You are so awesome! Thank you very much! It really helped me. :)
I was able to do it very quickly with https://www.desmos.com/
Just managed to solve this after spending what feels like an insane amount of time. Definitely the hardest one I've tried so far, but also really rewarding to finally get it right! :D
I used the Quickhull algorithm which was fairly easy to implement. The tricky part was getting all points in the correct order before calculating the perimeter. It helped me a lot to draw it out on paper first.

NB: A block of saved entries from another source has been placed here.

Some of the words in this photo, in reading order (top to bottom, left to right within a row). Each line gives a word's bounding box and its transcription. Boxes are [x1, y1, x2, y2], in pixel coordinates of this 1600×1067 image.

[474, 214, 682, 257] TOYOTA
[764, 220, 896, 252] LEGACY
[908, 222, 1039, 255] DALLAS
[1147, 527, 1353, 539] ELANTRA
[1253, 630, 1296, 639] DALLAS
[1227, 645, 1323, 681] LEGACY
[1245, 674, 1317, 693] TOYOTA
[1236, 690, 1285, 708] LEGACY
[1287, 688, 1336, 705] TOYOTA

Congrats :) It's good to know you learnt something new.
same here ...
I submitted the graham scan firstly then I had problem with the 4th test ... so I tried the QuickHull and indeed it doesn't return the points in order so you will calculate a false perimeter , unless you do smth. more :)

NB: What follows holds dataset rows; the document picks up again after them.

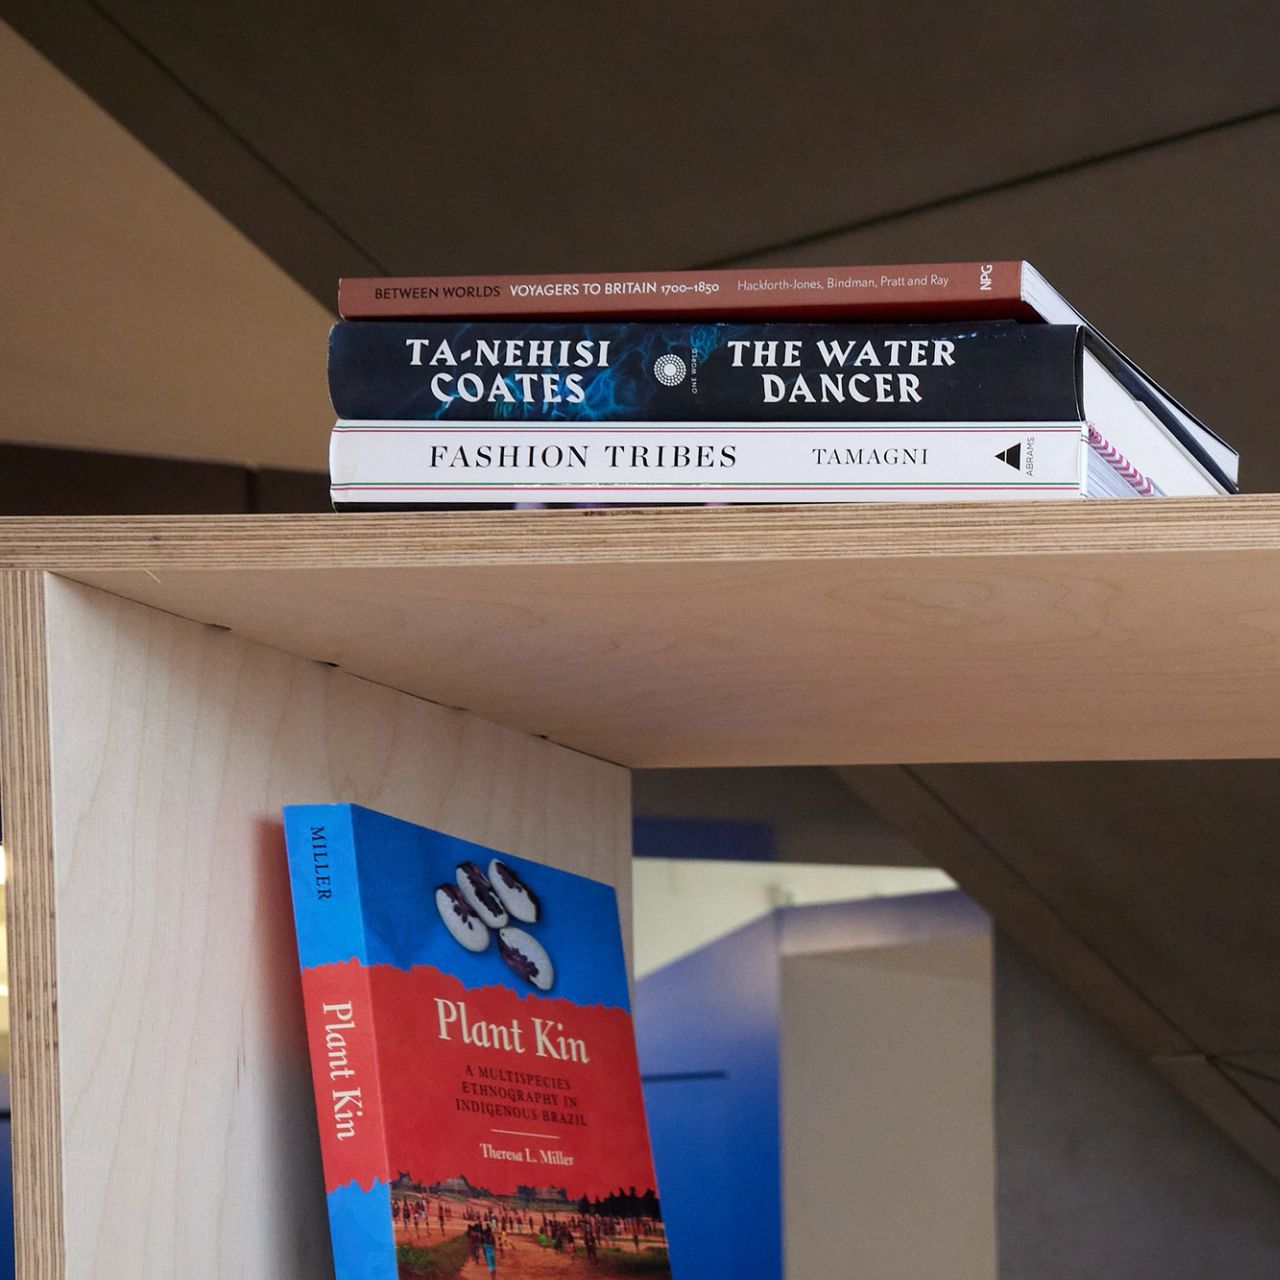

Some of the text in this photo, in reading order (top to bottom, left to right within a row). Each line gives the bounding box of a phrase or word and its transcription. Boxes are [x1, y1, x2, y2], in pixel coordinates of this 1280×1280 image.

[510, 283, 580, 297] VOYAGERS
[582, 283, 601, 296] TO
[605, 281, 657, 294] BRITAIN
[738, 274, 949, 292] Hackforth-Jones, Bindman, Pratt and Ray
[980, 265, 993, 291] NPG
[375, 285, 501, 300] BETWEEN WORLDS
[406, 339, 610, 368] TA-NEHISI
[691, 348, 699, 375] WORLD
[727, 340, 956, 367] THE WATER
[430, 373, 585, 403] COATES
[761, 373, 923, 403] DANCER
[429, 445, 737, 468] FASHION TRIBES
[812, 448, 929, 465] TAMAGNI
[1025, 436, 1035, 476] ABRAMS
[310, 826, 332, 900] MILLER
[433, 997, 590, 1064] Plant Kin
[322, 1000, 362, 1142] Plant Kin
[465, 1065, 572, 1090] A MULTISPECIES
[462, 1081, 578, 1108] ETHNOGRAPHY IN
[456, 1098, 588, 1127] INDIGENOUS BRAZIL
[480, 1143, 575, 1166] Theresa L. Miller

Really nice challenge. It appears, there are quite a lot of tricky parts: e.g. finding the minimal point with respect to both y and x coordinates, filtering the points that form equivalent angles between the starting point and O-X axis, etc. Finally, one should be careful when ordering the points.

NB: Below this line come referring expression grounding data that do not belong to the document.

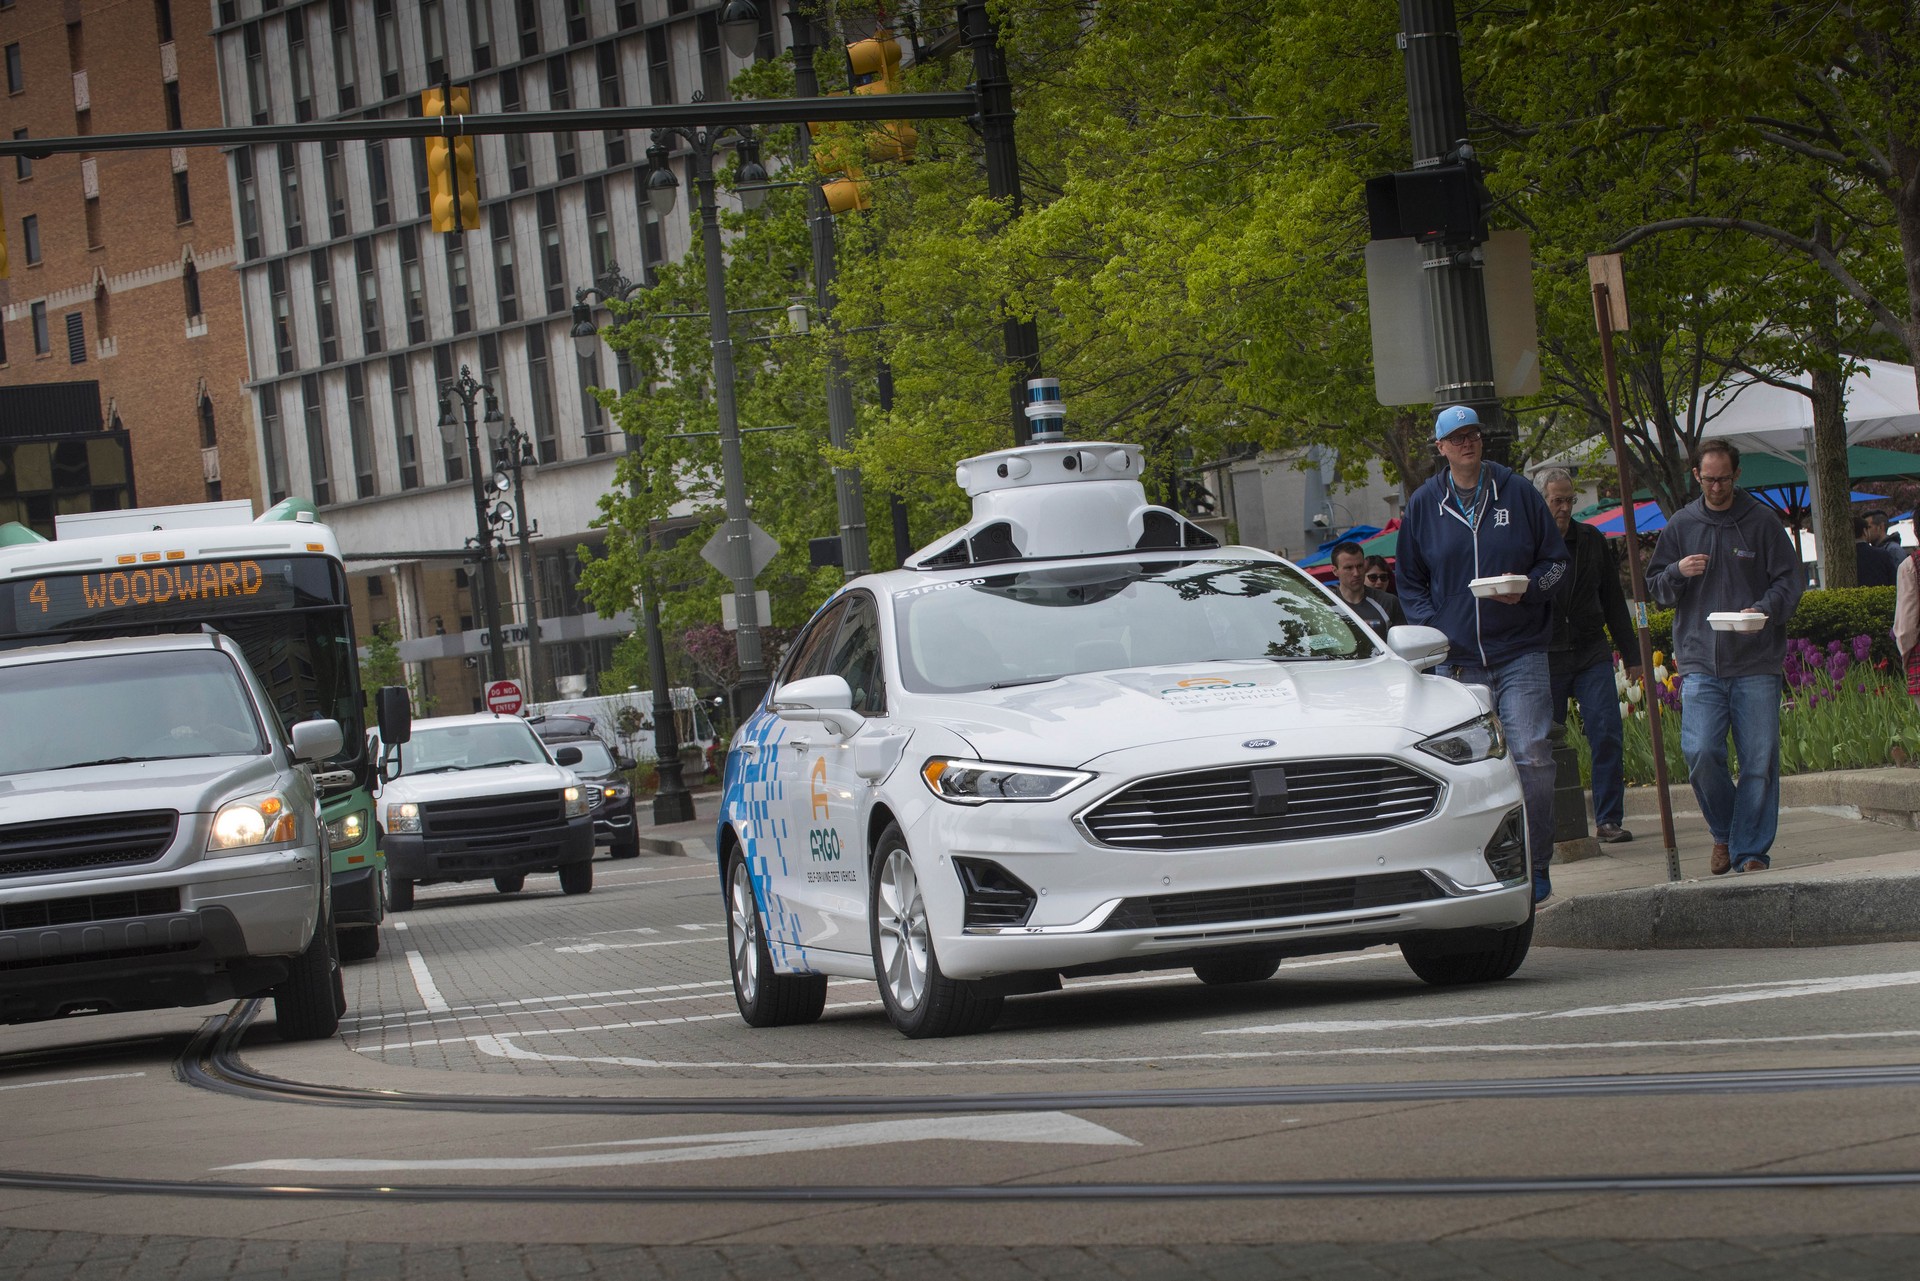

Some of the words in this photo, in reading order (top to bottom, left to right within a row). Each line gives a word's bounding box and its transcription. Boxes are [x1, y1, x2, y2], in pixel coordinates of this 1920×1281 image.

[29, 579, 50, 612] 4
[82, 560, 263, 608] WOODWARD
[895, 578, 986, 599] Z1F0020
[1217, 692, 1291, 701] VEHICLE
[495, 703, 516, 712] ENTER
[809, 827, 841, 862] ARGO

Visualizing my intermediate hulls was of great help to finally solve the problem.
And this article is definitely worth reading http://www.geeksforgeeks.org/convex-hull-set-2-graham-scan/
I passed the test with my own algorithm, not googling any previous one :D :D :D it's awesome!
After that I googled and found mine was just a cumbersome version of Graham scan. lol
Did the Jarvis march (the gift wrapping algorithm) — works like charm!
Fun! If you're doing Haskell and having trouble, do Real World Haskell's Ch03 exercises. They'll get you most of the way there.
Akl-Toussaint octagonal heuristics filters out nearly all (90%+) the points from each of the test case.
Does anyone could share the convex hull points for test #4? My perimeter is slightly different from expected.
My points: [[44 3] [26 3] [17 6] [17 971] [44 995] [956 995] [974 971] [977 958] [977 6]]
My perimeter: 3868.9581
[[44 3] [26 3] [17 6] [17 971] [44 995] [956 995] [974 971] [977 958] [977 6]]
I encounted similar issue when trying to implement Graham scan algorithm. It appeared that I did not handle collinear case properly.
In your case, your points do not create hull for test #4, as there are several points outside polygon, e.g. point [116 3] is outside segment [[44 3] - [26 3]] though all the three points belongs to a line.
I used andrew's monotone chain algorithm in F#. Was a nice example.
I have a problem with the test case #4, (other ones are computed correctly) and I can't find a bug in my code.
My results are:
Hull: List((329,3), (44,3), (17,6), (17,971), (26,992), (44,995), (956,995), (974,971), (977,958), (977,6), (26,3))
Can someone post his #4 hull for comparison?